The Java EE 5 Tutorial

Restricting Access to JavaServer Faces Components

In addition to identifying the FacesServlet instance and providing a mapping to it, you should also ensure that all applications use FacesServlet to process JavaServer Faces components. You do this by setting a security constraint.

    To set a security constraint using NetBeans IDE, do the following:

  1. Expand the node of your project in the Projects pane.

  2. Expand the Web Pages and WEB-INF nodes that are under the project node.

  3. Double-click web.xml.

  4. After the web.xml file appears in the editor pane, click Security at the top of the editor pane.

  5. Click Add Security Constraint.

  6. Enter a name for the constraint in the Display Name field.

  7. Click Add to add a web resource collection.

  8. In the Add Web Resource dialog:

    1. Enter a name for the web resource collection in the Resource Name field.

    2. In the URL pattern field, enter the path to a JSP page to which you want to restrict access, such as /response.jsp. Use commas to separate multiple patterns.

    3. Click OK.

    To set a security constraint by editing the deployment descriptor directly, add a security-constraint element, and inside the security-constraint element, add the following:

  1. Add a display-name element to identify the name of the constraint.

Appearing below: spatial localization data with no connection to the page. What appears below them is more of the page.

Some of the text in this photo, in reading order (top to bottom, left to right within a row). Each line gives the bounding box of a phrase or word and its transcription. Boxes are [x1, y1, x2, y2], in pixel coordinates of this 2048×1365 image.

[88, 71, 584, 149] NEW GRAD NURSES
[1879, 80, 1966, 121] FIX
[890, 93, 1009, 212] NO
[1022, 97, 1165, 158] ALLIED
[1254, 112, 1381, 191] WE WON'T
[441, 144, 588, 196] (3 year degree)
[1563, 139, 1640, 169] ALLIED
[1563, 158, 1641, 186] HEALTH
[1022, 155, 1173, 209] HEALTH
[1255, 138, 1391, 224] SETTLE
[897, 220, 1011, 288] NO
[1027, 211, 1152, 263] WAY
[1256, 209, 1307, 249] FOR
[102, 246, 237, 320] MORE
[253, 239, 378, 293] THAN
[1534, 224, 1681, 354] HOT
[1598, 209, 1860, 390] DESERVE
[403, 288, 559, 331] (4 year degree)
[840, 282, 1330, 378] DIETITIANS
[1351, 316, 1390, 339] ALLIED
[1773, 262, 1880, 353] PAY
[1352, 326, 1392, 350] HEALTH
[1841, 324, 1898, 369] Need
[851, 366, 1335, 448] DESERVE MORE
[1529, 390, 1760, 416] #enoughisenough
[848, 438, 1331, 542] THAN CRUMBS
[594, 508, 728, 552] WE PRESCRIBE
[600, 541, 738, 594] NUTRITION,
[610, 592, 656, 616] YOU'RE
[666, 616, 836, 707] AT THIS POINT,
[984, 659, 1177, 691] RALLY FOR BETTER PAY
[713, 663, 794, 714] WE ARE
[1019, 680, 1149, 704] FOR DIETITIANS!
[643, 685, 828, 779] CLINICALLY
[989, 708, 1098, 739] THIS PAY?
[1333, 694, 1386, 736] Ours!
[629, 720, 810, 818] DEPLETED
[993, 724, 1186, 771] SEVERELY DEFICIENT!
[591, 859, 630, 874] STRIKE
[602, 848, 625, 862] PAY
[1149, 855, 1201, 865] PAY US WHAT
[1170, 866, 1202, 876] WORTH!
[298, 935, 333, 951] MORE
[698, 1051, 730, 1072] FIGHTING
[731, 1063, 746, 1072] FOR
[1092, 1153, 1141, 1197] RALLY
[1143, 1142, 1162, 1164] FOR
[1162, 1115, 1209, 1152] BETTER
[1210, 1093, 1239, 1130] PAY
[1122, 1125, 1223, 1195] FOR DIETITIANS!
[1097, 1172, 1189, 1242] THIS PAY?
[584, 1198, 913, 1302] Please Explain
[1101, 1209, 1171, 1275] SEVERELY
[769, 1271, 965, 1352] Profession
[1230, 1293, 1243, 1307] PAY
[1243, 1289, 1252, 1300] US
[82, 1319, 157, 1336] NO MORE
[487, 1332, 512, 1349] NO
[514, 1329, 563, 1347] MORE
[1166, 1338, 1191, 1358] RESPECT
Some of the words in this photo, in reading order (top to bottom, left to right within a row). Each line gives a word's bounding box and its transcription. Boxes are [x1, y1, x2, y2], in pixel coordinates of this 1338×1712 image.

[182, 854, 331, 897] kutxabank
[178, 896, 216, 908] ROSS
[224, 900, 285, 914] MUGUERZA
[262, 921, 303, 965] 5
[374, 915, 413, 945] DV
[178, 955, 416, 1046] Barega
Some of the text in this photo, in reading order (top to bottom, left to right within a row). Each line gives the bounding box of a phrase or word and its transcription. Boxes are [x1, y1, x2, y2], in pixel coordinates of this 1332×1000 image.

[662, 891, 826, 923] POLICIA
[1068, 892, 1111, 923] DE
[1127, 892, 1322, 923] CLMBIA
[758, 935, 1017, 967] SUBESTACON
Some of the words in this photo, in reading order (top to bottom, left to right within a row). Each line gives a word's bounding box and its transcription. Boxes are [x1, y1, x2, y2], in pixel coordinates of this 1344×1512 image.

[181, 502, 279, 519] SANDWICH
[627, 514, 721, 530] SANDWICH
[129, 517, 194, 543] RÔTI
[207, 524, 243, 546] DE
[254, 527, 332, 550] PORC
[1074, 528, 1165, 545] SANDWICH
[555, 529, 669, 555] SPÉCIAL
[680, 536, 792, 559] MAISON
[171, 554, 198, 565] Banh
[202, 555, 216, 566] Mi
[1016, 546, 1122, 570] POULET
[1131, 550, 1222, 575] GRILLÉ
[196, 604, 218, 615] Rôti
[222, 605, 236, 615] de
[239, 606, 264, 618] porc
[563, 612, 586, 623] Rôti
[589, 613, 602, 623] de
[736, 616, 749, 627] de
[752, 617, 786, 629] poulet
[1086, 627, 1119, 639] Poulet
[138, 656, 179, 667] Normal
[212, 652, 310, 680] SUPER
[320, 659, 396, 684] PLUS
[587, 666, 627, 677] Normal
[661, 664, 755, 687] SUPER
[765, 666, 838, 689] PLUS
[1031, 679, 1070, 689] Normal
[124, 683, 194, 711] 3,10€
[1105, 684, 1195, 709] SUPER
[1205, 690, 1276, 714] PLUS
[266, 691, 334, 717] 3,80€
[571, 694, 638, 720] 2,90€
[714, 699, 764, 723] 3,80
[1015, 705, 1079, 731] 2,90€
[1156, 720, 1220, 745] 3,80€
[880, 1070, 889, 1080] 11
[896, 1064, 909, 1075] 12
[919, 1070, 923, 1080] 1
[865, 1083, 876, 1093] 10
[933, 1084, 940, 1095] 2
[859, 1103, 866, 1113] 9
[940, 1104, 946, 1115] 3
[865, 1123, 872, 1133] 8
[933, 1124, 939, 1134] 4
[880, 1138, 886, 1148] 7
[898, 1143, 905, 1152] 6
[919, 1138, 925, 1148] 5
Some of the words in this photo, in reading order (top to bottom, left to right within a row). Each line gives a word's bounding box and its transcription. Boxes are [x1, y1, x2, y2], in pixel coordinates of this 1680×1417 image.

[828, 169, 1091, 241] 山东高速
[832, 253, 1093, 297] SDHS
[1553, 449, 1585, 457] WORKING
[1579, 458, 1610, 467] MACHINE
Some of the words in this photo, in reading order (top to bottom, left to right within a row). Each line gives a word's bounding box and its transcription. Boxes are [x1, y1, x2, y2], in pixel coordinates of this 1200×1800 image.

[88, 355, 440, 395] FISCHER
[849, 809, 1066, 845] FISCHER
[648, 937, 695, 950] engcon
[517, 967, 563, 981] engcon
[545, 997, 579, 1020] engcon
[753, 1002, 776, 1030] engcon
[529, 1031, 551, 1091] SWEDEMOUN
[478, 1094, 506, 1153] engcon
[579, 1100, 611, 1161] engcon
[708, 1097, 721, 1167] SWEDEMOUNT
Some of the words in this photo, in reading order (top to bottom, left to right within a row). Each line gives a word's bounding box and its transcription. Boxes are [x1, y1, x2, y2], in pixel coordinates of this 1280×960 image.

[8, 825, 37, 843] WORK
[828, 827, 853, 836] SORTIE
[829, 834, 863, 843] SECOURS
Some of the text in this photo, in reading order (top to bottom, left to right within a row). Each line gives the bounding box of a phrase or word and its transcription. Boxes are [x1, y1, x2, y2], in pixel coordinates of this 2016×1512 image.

  2. Add a web-resource-collection element.

  3. Inside the web-resource-collection element, add a web-resource-name element that identifies the purpose of the collection.

  4. Add a url-pattern element inside the web-resource-collection element and enter the path to a JSP page to which you want to restrict access, such as /response.jsp.

  5. Continue to add URL patterns for all the JSP pages to which you want to restrict access.